To my surprise, KING is actually a reasonably well-done comedy-adventure despite all the silly humor-- which is all the more remarkable in that three of the four credited KING writers worked on THUNDERCATS ROAR. Possibly someone-- DC Comics, or James Wan, who produced the series-- told the scribes not to go overboard with the jokes and maybe ruin the movie franchise, given that Wan had enjoyed financial success with the 2018 live-action Aqua-movie and planned to direct the sequel.
KING takes place some time after the events of the 2018 movie but is not strictly bound by its continuity, nor does its story play into the two-years-later Aqua-sequel.

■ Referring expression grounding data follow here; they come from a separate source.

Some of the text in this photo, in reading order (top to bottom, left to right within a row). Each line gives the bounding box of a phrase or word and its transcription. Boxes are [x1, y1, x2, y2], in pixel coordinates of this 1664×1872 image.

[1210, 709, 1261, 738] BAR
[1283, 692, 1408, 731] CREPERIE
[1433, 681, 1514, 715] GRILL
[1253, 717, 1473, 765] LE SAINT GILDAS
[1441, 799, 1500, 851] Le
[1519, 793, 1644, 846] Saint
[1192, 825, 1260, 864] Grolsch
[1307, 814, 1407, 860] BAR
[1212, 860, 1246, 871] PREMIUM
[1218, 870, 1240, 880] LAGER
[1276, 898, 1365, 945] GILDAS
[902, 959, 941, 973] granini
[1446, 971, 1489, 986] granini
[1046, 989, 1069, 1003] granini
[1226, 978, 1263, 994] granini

All that essentially matters is that Aquaman reigns in Atlantis and apparently has had some heavy dates with Mera, though the two are not yet married as they would be in the official sequel. But Aquaman is much more of a dweeb (with unexplained sea-green hair), and Mera is extremely pugnacious, constantly advocating that the two of them should punch their way out of problems. Yet, even though the comics character is more traditionally feminine, somehow the schtick of feisty Mera and the more reserved Sea King works pretty well. Also an unexpected plus: changing the support-character of Vulko-- a grave older man in the comics and in the live-action film (played by Willem Dafoe) -- into an anally retentive young guy.

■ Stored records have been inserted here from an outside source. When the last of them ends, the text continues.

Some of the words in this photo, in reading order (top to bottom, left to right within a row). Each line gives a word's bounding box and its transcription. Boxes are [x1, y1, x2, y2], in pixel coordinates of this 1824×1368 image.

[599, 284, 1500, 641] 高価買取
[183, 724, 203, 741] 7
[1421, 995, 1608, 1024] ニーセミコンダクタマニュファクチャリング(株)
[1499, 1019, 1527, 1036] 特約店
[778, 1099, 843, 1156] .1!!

The three episodes are plotted so that they seem like installments of the same story, largely because the first one starts with the hero and his squeeze investigating a missing Atlantean city. This leads them into battle with a Russian evildoer named Mortikov, who disappears in Episode 2, which focuses upon a classic Aqua-villain, The Fisherman, and then Mortikov returns in the third part, taking on a revised version of a very obscure Aqua-foe, The Scavenger. And as a bonus, the script works in the hero's vexatious half-brother Ocean Master. Further, when the writers worked in a couple of very minor "assistant menaces" who were and are ultra-obscure-- "The Fire Trolls" from the comic book, and "Mirror Men" from the Aqua-cartoon of the sixties-- I suspected the scribes were instructed to try winning over old comics-fogeys (like me) with nods to very old continuity-fodder.

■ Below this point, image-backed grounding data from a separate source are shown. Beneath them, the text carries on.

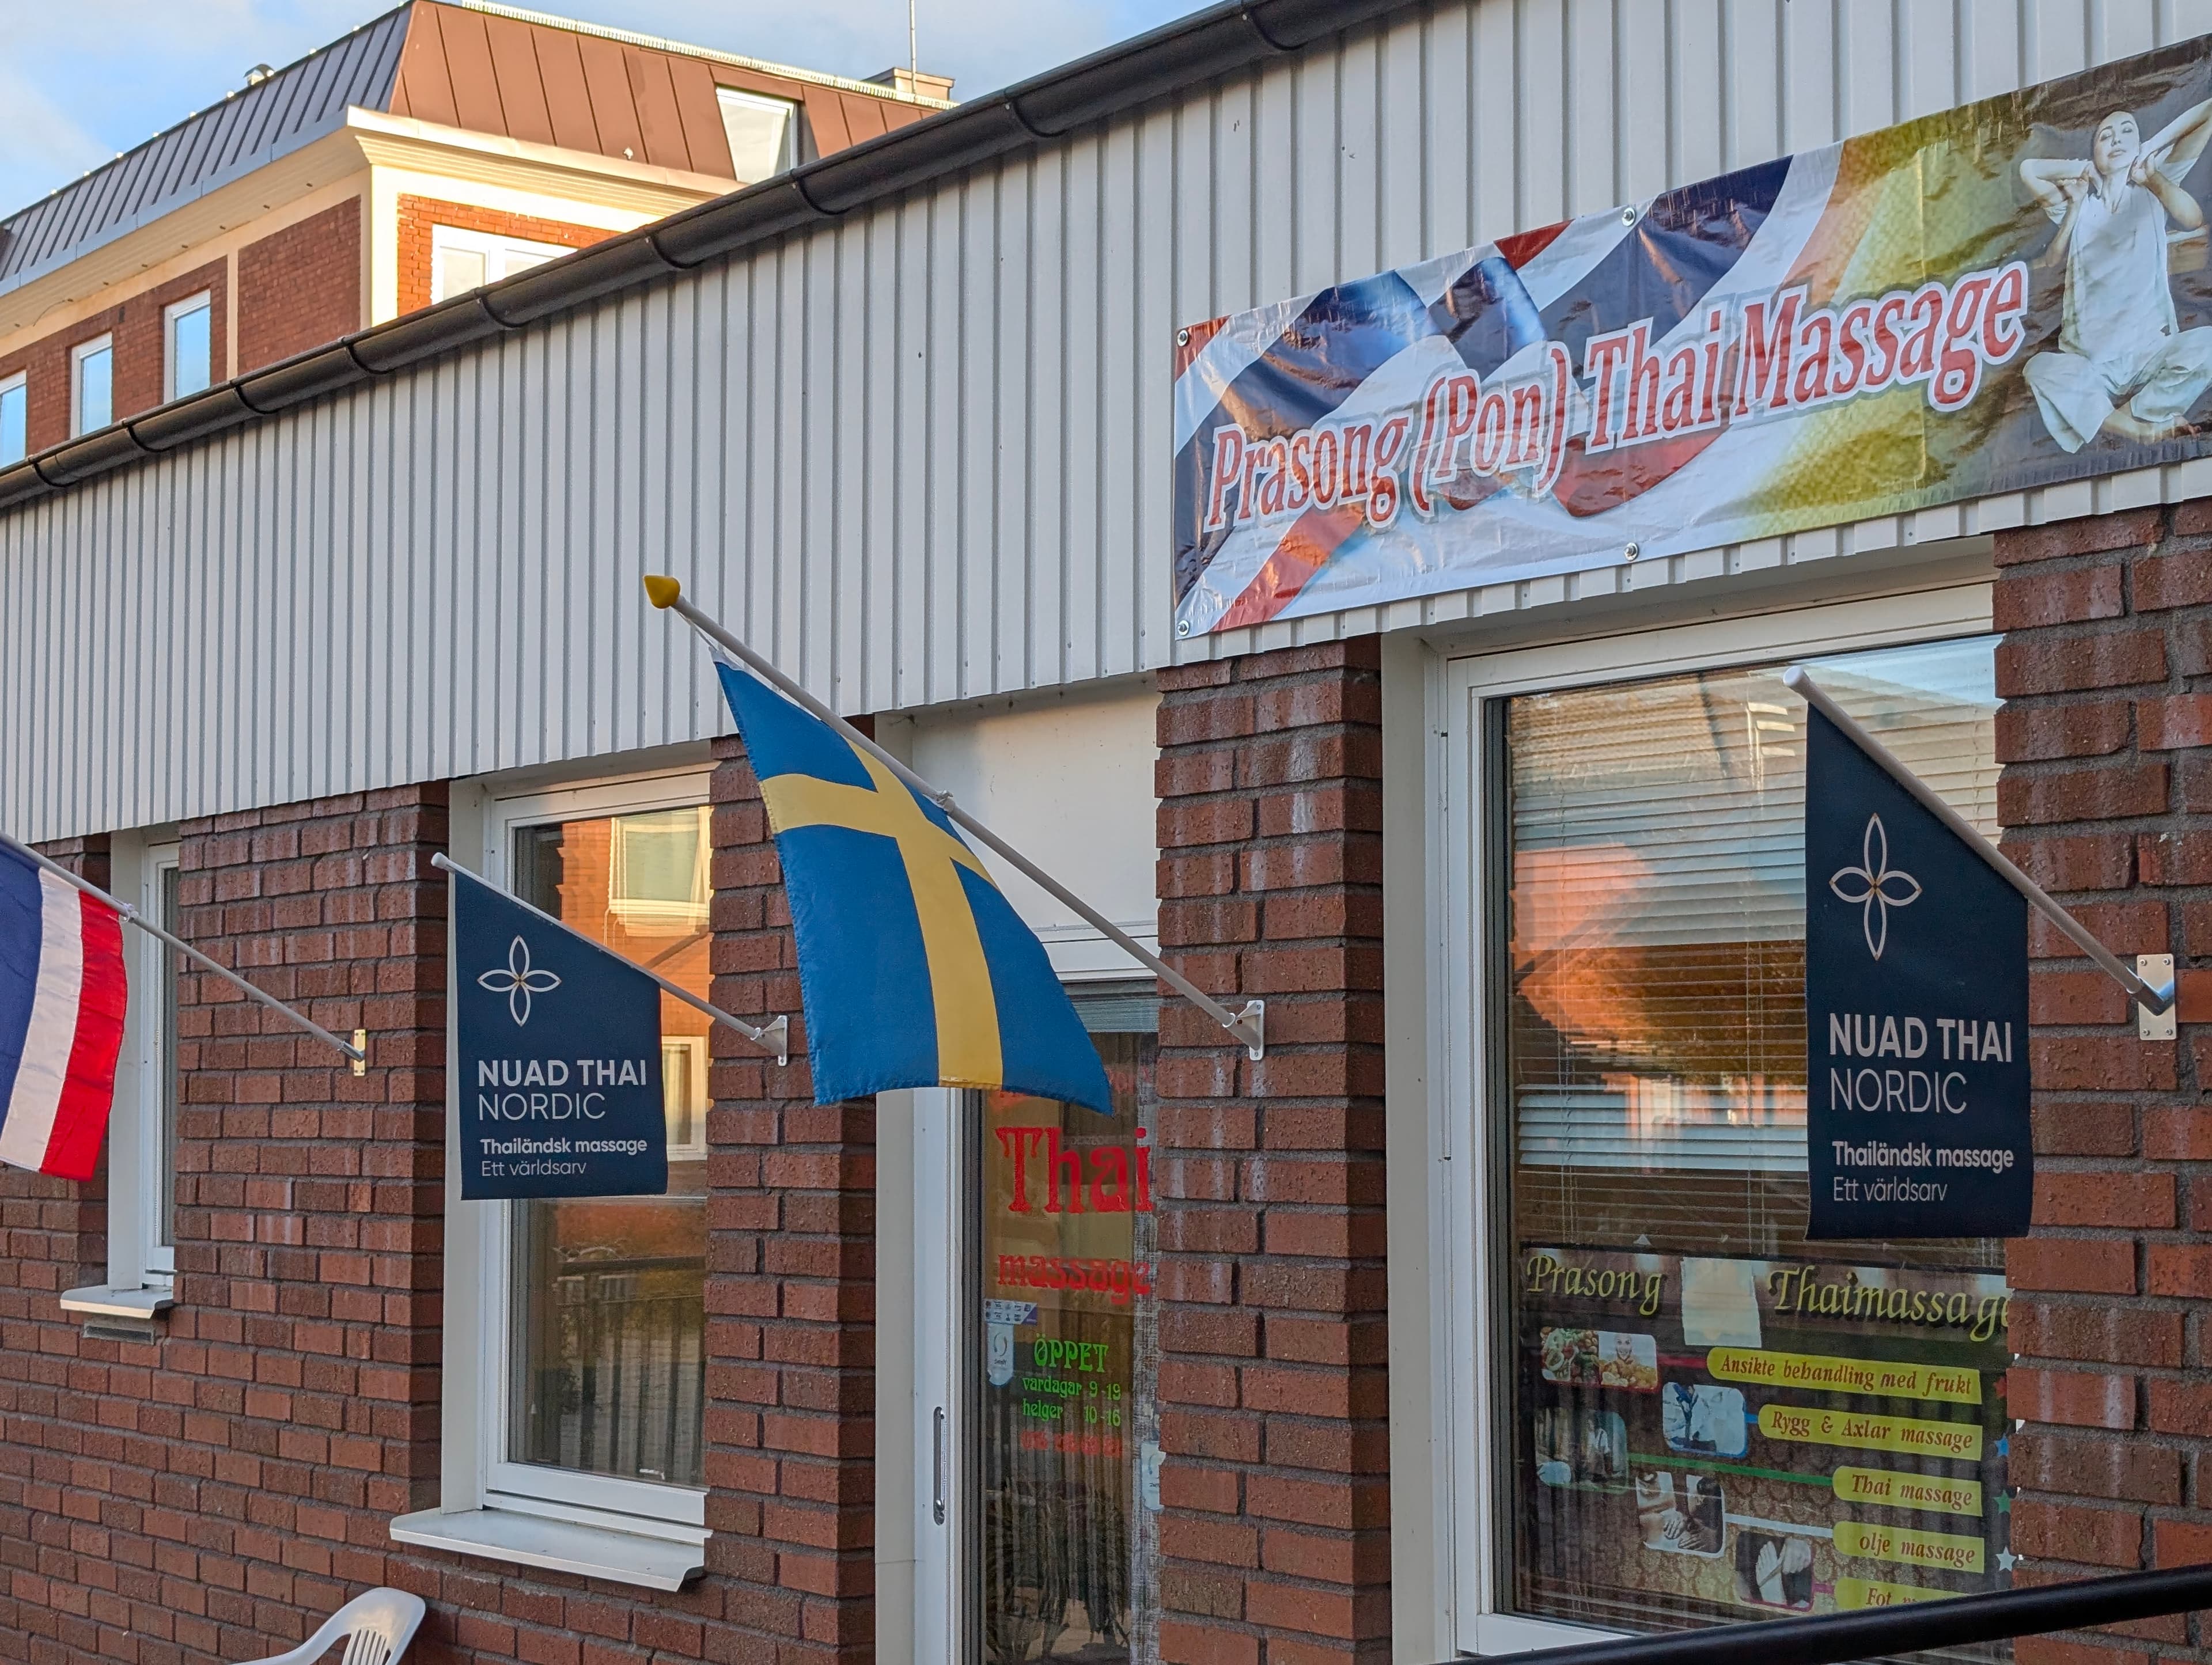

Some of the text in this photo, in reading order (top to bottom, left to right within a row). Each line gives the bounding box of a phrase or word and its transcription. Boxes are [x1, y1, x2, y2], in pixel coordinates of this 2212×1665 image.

[1208, 267, 2024, 524] Prasong (Pon) Thai Massage
[1830, 1012, 2012, 1063] NUAD THAI
[478, 1059, 647, 1087] NUAD THAI
[1830, 1068, 1967, 1114] NORDIC
[479, 1092, 606, 1121] NORDIC
[480, 1137, 647, 1156] Thailändsk massage
[1832, 1140, 2014, 1174] Thailändsk massage
[481, 1158, 587, 1177] Ett världsarv
[995, 1127, 1156, 1214] Thai
[1833, 1176, 1948, 1202] Ett världsarv
[997, 1254, 1151, 1305] massage
[1527, 1254, 1664, 1315] Prasong
[1033, 1333, 1109, 1373] ÖPPET
[1022, 1375, 1082, 1398] vardagar
[1720, 1355, 1972, 1397] Ansikte behandling med frukt
[1022, 1398, 1063, 1422] helger
[1771, 1411, 1974, 1454] Rygg & Axlar massage
[1852, 1473, 1973, 1511] Thai massage
[1859, 1531, 1975, 1568] olje massage
[1866, 1587, 1892, 1606] Fot

But the use of "moldy oldies" didn't sell me on KING; I just liked the fact that a fair number of the jokes landed. A few were driven into the ground-- really, is the Atlanteans inability to understand how baseball works all that amusing? But others work reasonably well, particularly with regard to slapstick violence. When Mera tries to punch out Scavenger, the villain uses Aquaman as a shield, so that Mera ends up simultaneously hitting her boyfriend and apologizing for the hits.
Despite my positive comments, I think it's just as well this experiment was confined (thus far) to just these three outings.